[<prev] [next>] [<thread-prev] [thread-next>] [day] [month] [year] [list]
Message-ID: <20250212135200.5a1f2dca@pumpkin>
Date: Wed, 12 Feb 2025 13:52:00 +0000
From: David Laight <david.laight.linux@...il.com>
To: I Hsin Cheng <richard120310@...il.com>
Cc: yury.norov@...il.com, anshuman.khandual@....com, arnd@...db.de,
linux-kernel@...r.kernel.org, jserv@...s.ncku.edu.tw,
skhan@...uxfoundation.org
Subject: Re: [PATCH 2/2] uapi: Refactor __GENMASK_ULL() for speed-up
On Wed, 12 Feb 2025 20:39:09 +0800
I Hsin Cheng <richard120310@...il.com> wrote:
> On Tue, Feb 11, 2025 at 10:30:45PM +0000, David Laight wrote:
> > On Wed, 12 Feb 2025 00:24:12 +0800
> > I Hsin Cheng <richard120310@...il.com> wrote:
> >
> > > The calculation of "((~_ULL(0)) - (_ULL(1) << (l)) + 1)" is to generate
> > > a bitmask with "l" trailing zeroes, which is equivalent to
> > > "(~_ULL(0) << (l))".
> >
> > Yes, and if you look through the commit history you'll see it was changed
> > to avoid a compiler warning about the shift losing significant bits.
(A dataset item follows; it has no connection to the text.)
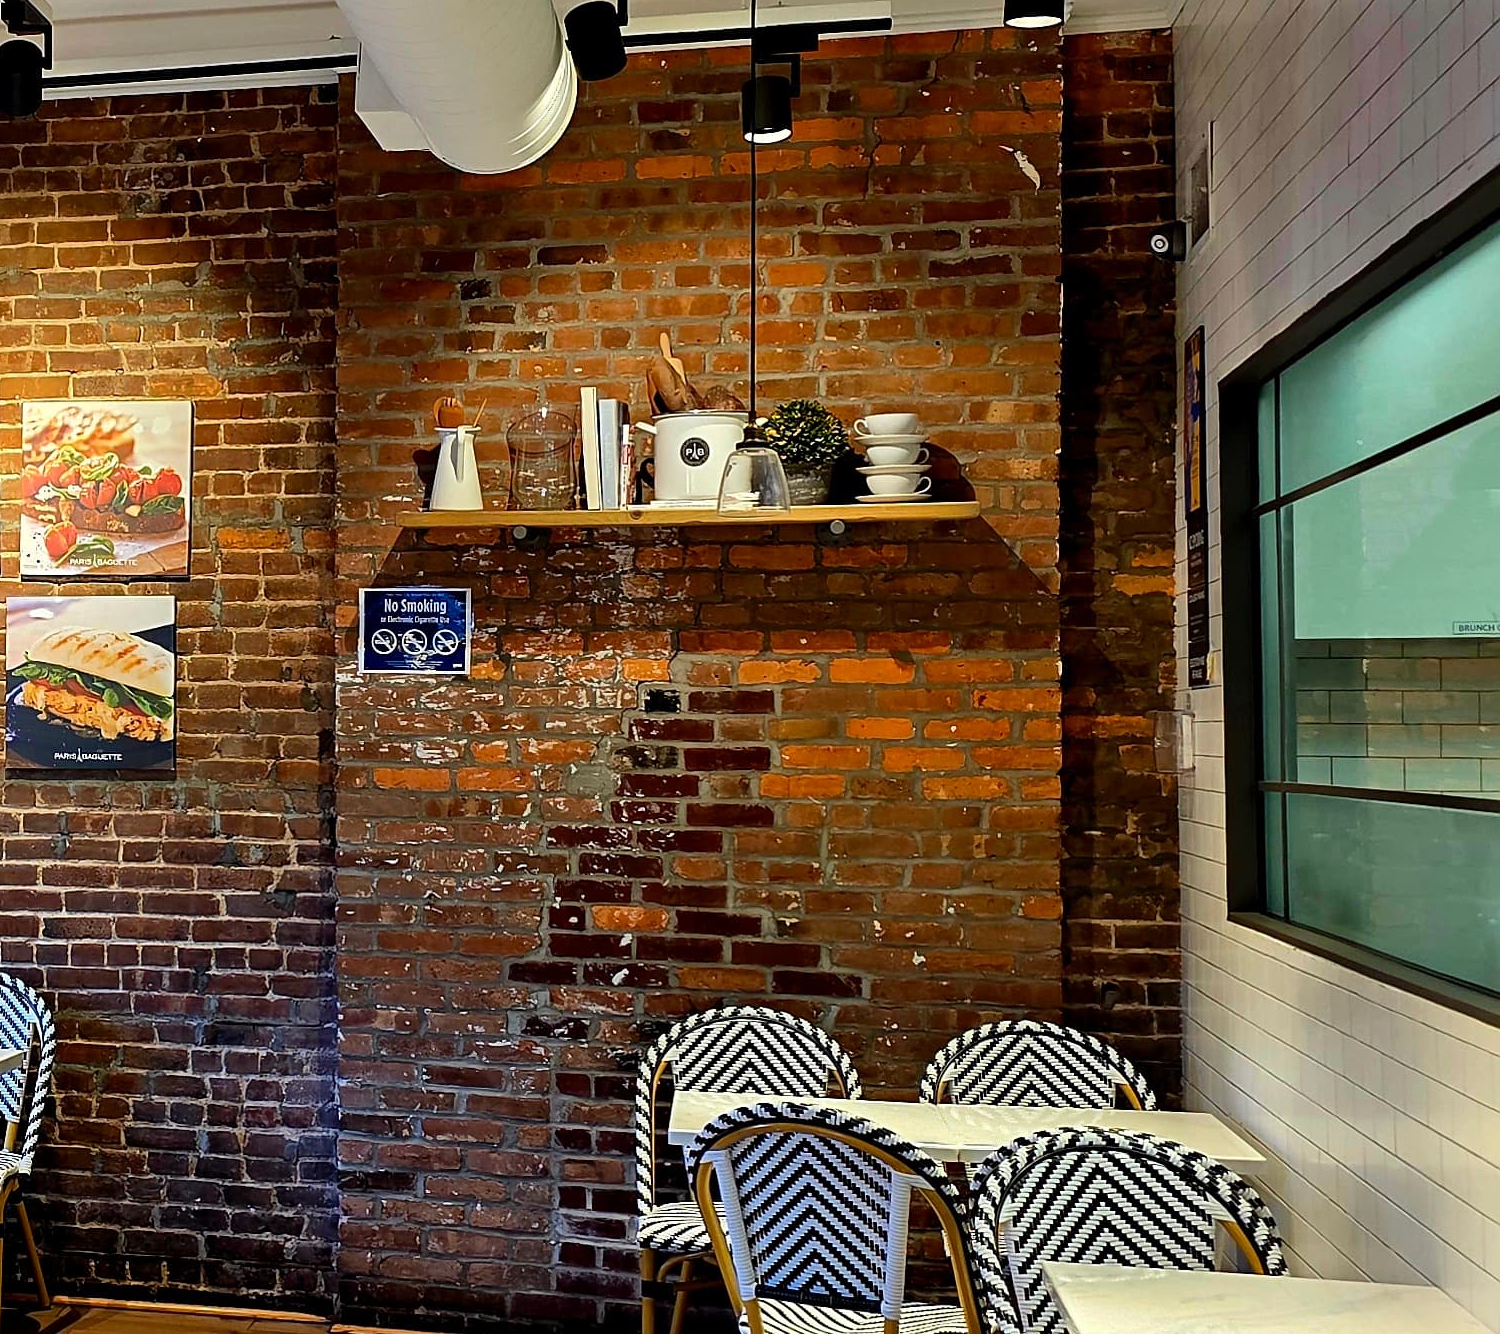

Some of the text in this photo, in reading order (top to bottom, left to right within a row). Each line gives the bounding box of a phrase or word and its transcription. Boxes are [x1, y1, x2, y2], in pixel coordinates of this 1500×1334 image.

[69, 558, 138, 566] PARIS BAGUETTE
[384, 598, 447, 615] No Smoking
[1458, 624, 1496, 632] BRUNCH
[54, 752, 77, 760] PARIS
> > So you are just reverting that change and the compiler warnings will
> > reappear.
> >
> > For non-constants I suspect that (2ul << hi) - (1ul << lo) is the
> > best answer.
> > But the compiler (clang with some options?) will still complain
> > for constants when trying to set the high bit.
> >
> > That version also doesn't need BITS_PER_[U]LONG.
> > While that is valid for C, the _ULL() are there for the assembler
> > (when they are no-ops) so there is no way asm copies can be right
> > for both GENMASK() ans GENMASK_ULL().
> >
> > David
>
> Hi David,
>
> Thanks for the review!
>
> > Yes, and if you look through the commit history you'll see it was changed
> > to avoid a compiler warning about the shift losing significant bits.
>
> I've browse through the commits of include/linux/bits.h , where
> GENMASK() was placed under. Though I didn't find specific commit of it,
> would you be so kind to paste the link of the commit?
>
> I assume you're talking about warnings like the following?
> warning: left shift count >= width of type [-Wshift-count-overflow]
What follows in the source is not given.